A Veteran Free Agent and his Prior Team may enter into a Player Contract pursuant to an agreement between the Prior Team and another Team concerning the signing and subsequent trade of such Contract, but only if:

(i) the Veteran Free Agent finished the prior Season on his Prior Team’s roster,

(ii) the Contract is for at least three (3) Seasons (excluding any Option Year) but no more than four (4) Seasons in length,

(iii) the Contract is not signed pursuant to the Non-Taxpayer Mid-Level Salary Exception, the Taxpayer Mid-Level Salary Exception or the Disabled Player Exception,

(iv) the first Season of the Contract is fully protected for lack of skill,

(v) the Contract is entered into prior to the first day of the Regular Season,

(vi) with respect to any 5th Year Eligible Player (as defined in Article II, Section 7) who met one of the 5th Year 30% Max Criteria (as defined in Article II, Section 7), the Contract may not provide the player with Salary (plus Unlikely Bonuses) in excess of 25% of the Salary Cap (as calculated pursuant to Article II, Section 7) in effect at the time the Contract is signed, and

(vii) the acquiring Team has Room for the player's Salary plus any Unlikely Bonuses provided for in the first Season of the Contract.

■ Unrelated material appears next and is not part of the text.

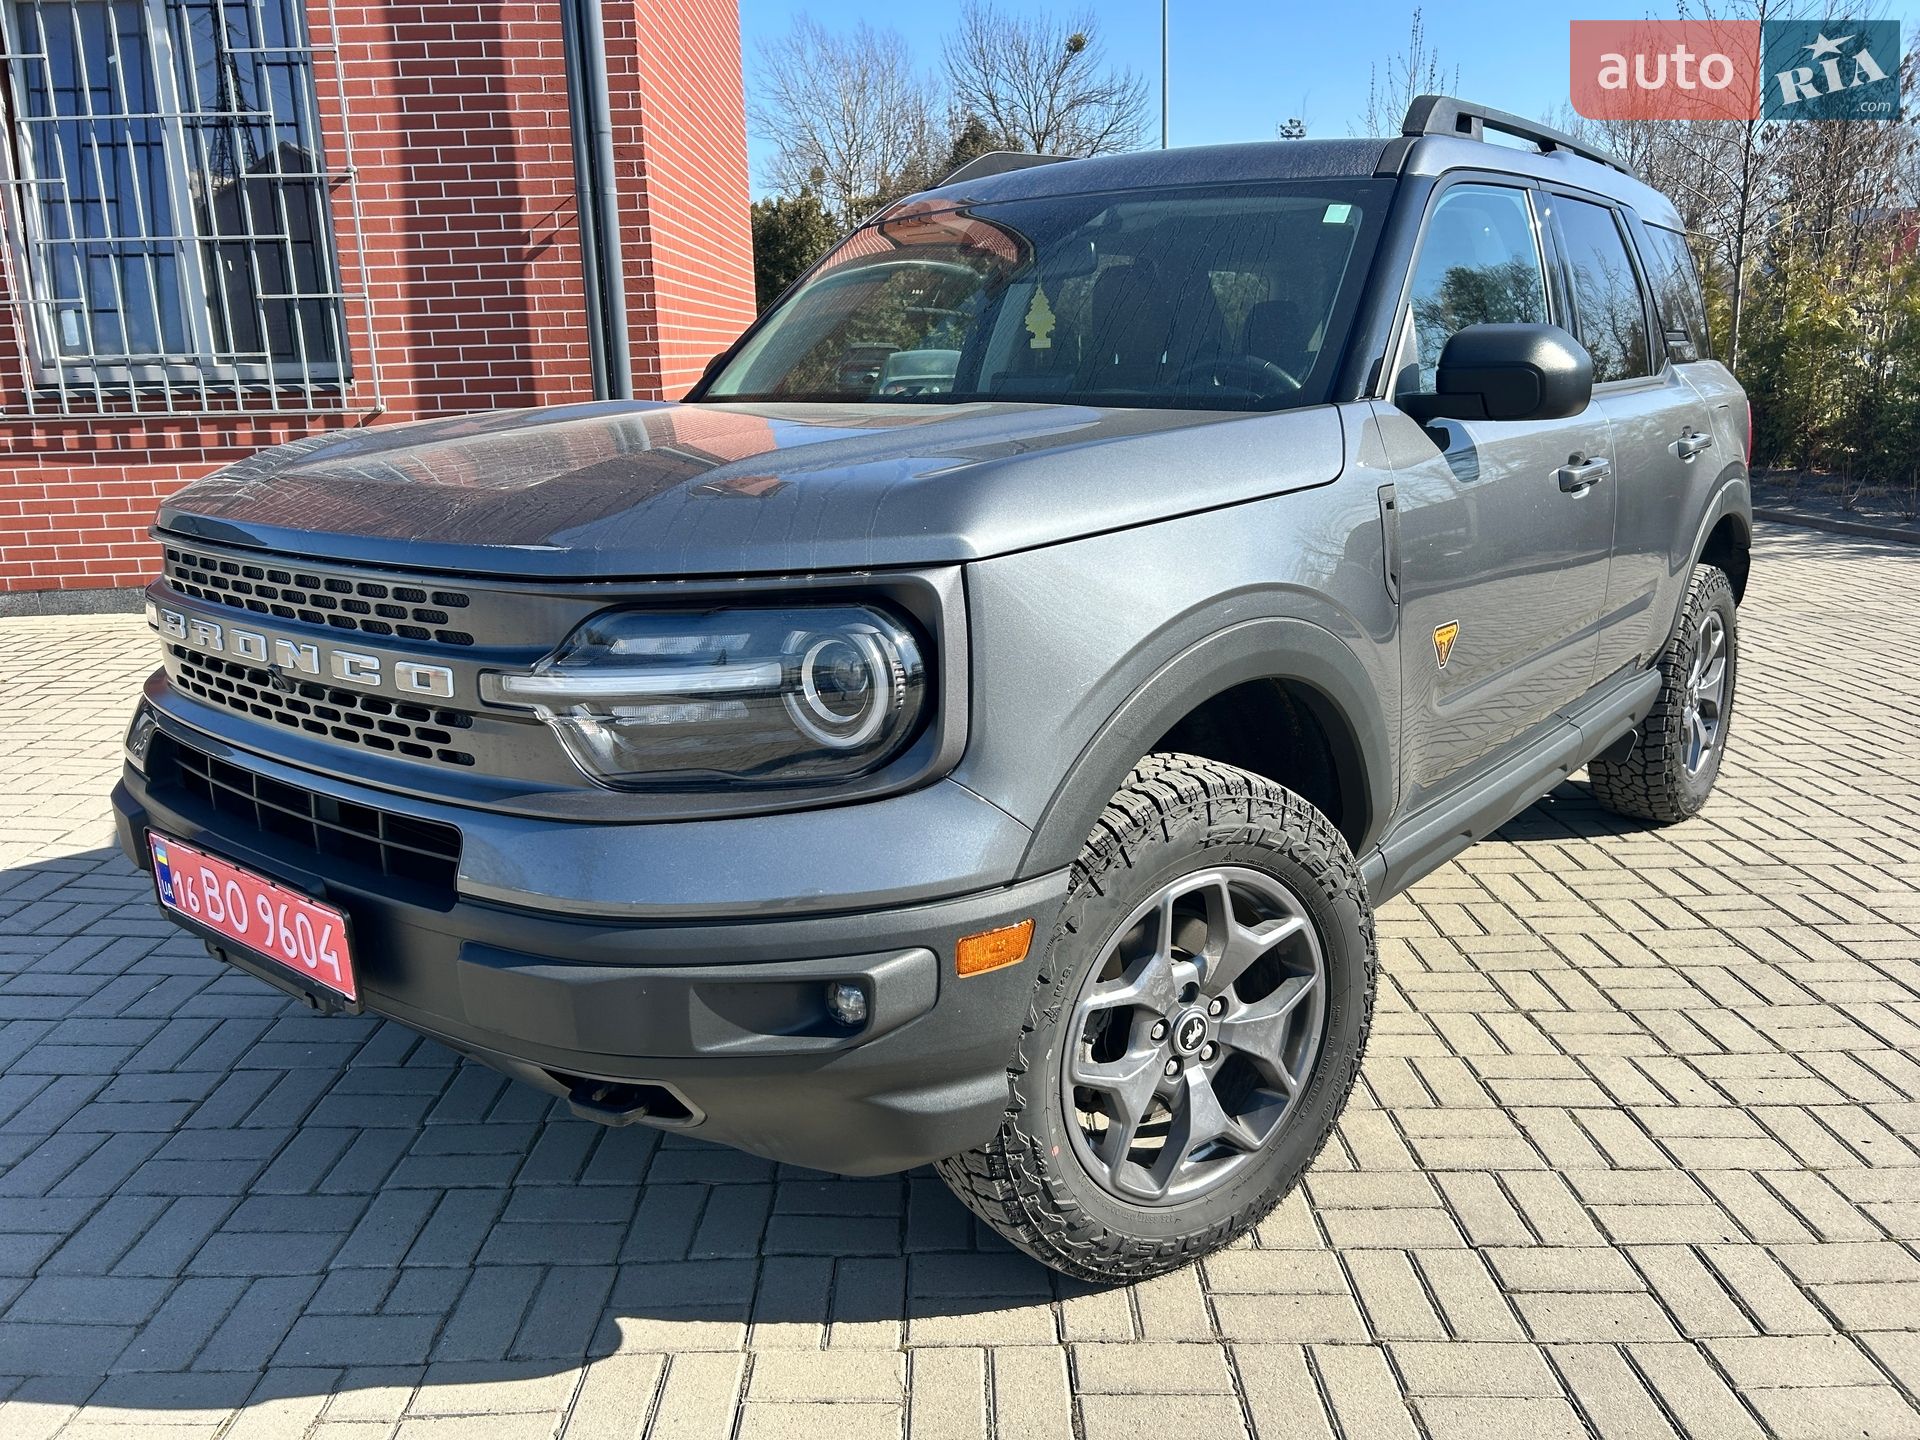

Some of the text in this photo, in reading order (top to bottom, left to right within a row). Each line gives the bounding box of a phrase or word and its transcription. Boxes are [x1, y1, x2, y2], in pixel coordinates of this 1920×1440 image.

[160, 608, 455, 698] BRONCO
[161, 880, 174, 898] UA
[173, 866, 342, 982] 16 BO 9604

Notwithstanding anything to the contrary in the preceding sentence, commencing with the 2013-14 Salary Cap Year, a Team shall not be permitted to acquire a player pursuant to a Contract entered into in accordance with this Section 8(e)(1) if the Team’s Team Salary following the proposed transaction would exceed the Tax Level for such Salary Cap Year plus $4 million. If a Team acquires a player pursuant to this Section 8(e)(1), then the Team’s Team Salary at all times thereafter during the Salary Cap Year may not exceed the Team Level for such Salary Cap Year plus $4 million."

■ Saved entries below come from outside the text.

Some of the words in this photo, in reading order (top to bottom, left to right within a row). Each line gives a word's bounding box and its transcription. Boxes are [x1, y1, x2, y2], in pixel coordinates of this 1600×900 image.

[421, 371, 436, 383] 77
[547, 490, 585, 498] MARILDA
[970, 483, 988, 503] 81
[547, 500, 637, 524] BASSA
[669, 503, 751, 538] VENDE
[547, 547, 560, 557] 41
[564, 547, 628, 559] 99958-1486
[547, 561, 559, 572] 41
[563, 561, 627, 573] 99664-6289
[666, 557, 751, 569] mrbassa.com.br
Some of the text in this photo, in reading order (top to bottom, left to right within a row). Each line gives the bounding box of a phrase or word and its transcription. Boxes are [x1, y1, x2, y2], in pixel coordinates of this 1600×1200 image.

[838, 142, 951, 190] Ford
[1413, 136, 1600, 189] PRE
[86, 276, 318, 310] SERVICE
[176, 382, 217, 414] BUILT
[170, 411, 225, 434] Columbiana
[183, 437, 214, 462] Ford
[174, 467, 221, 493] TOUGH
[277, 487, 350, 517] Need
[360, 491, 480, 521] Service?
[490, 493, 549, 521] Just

Phew, now that was a convoluted mouthful. After reading all that you now know what my day is like. Let me break that down a bit and point out the rules of special interest to the Jazz..

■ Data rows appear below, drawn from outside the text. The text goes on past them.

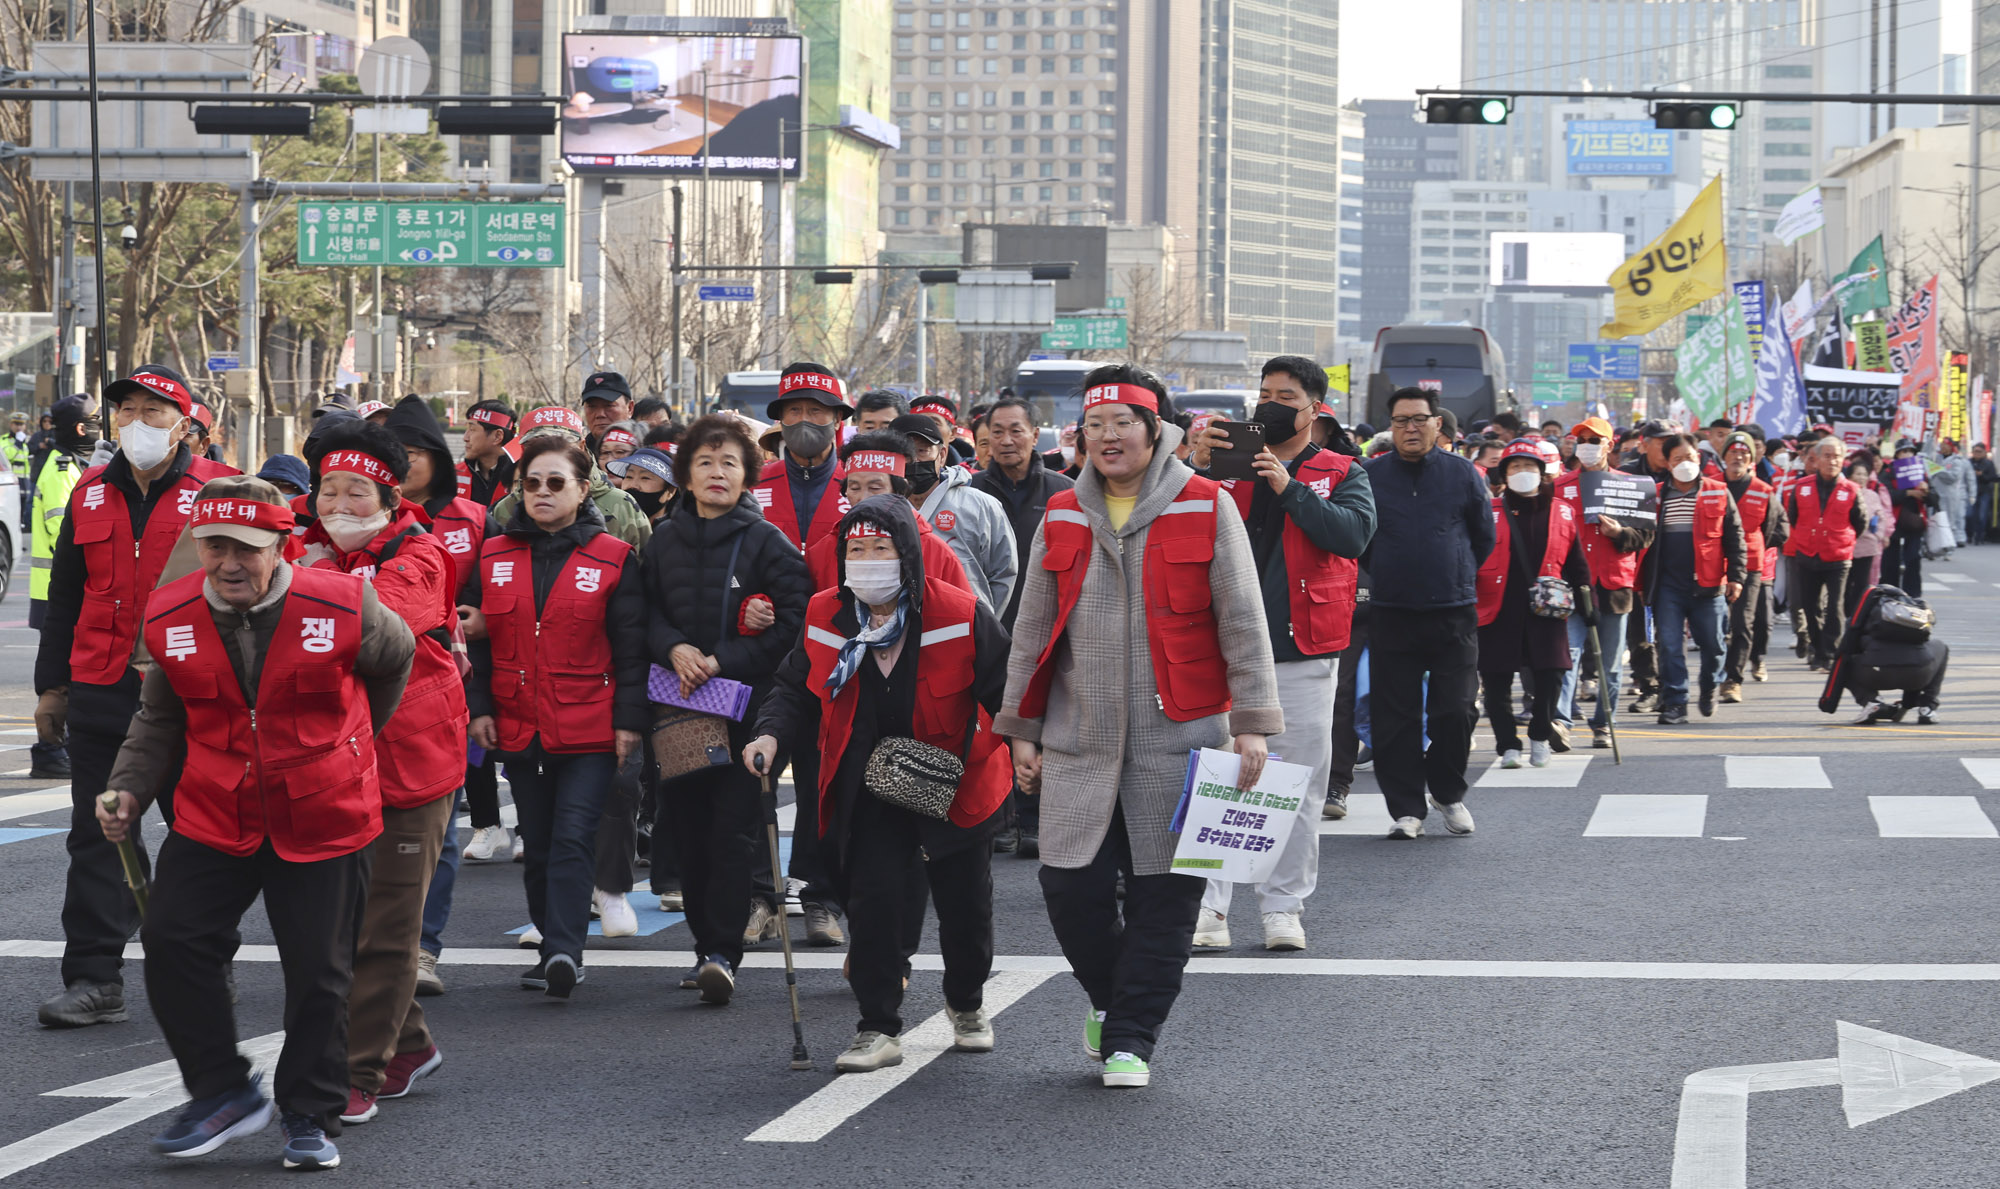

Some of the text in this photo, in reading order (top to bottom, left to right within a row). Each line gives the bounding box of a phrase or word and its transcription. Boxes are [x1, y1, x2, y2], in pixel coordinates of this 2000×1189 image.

[1570, 133, 1670, 157] 기프트인포
[326, 207, 378, 222] 숭례문
[485, 212, 556, 230] 서대문역
[326, 236, 353, 252] 시청
[397, 228, 432, 241] Jongno
[487, 231, 552, 242] Seodaemun Stn
[327, 252, 368, 263] City Hall
[418, 249, 427, 260] 6
[503, 249, 513, 260] 6
[783, 374, 833, 390] 결사반대
[533, 410, 565, 423] 송전탑
[329, 452, 394, 482] 결사반대
[853, 453, 895, 471] 결사반대
[83, 483, 105, 511] 투
[177, 488, 199, 515] 쟁
[192, 501, 257, 522] 결사반대
[845, 520, 892, 539] 사반
[443, 528, 472, 554] 쟁
[490, 561, 515, 587] 투
[574, 565, 602, 593] 쟁
[165, 624, 198, 662] 투
[301, 617, 336, 653] 쟁
[1221, 809, 1267, 830] 분산하고
[1196, 827, 1276, 853] 수도권 전력수요

CBA Article VII, Section 8(e)(1)(i):

(i) the Veteran Free Agent finished the prior Season on his Prior Team’s roster,

This restriction does not really affect Utah this offseason, but this is the rule that prevented the Jazz from any sign-and-trade of Andrei Kirilenko last offseason. It is commonly referred to as the Keith Van Horn rule since once upon a time the Nets signed Van Horn out of retirement in order to have the required player salaries to complete a trade with the Mavericks.

CBA Article VII, Section 8(e)(1)(ii):

(ii) the Contract is for at least three (3) Seasons (excluding any Option Year) but no more than four (4) Seasons in length,

Alright, now this is a very important rule change for next years Jazz. This provision must be read in connection with CBA Article VII, Section 5(C), which now restricts the maximum annual raise a signed-and-traded player can get to 4.5% per year, which is the same raise that a player can get if he just straight out signed a new contract with a new team. The prior version of the CBA allowed teams to re-sign such players for 3 or more seasons and give them the maximum amount of annual raises (which is 7.5% annually in the new CBA). Since NBA teams could sign their own free agents to an additional contract year and give them larger raises than other teams can, the CBA previously allowed players to earn longer and larger contracts in sign-and-trade transactions.

Accordingly, where previously unrestricted free agents would want to work with their former team to max out their earning potential (think Carlos Boozer when signed-and-traded to the Bulls), the players now have virtually no incentive to work with their former teams. In fact a player would be wise to not work with his former team so that his new team is able to keep all of its trade assets and thus help the new team be more competitive long-term.

At this point, with no financial incentive for a player to work on a sign-and-trade the only incentive a player has to work with his former team is to select his destination if his desired team has no salary cap room. But that option has also severely been impacted as I will discuss below.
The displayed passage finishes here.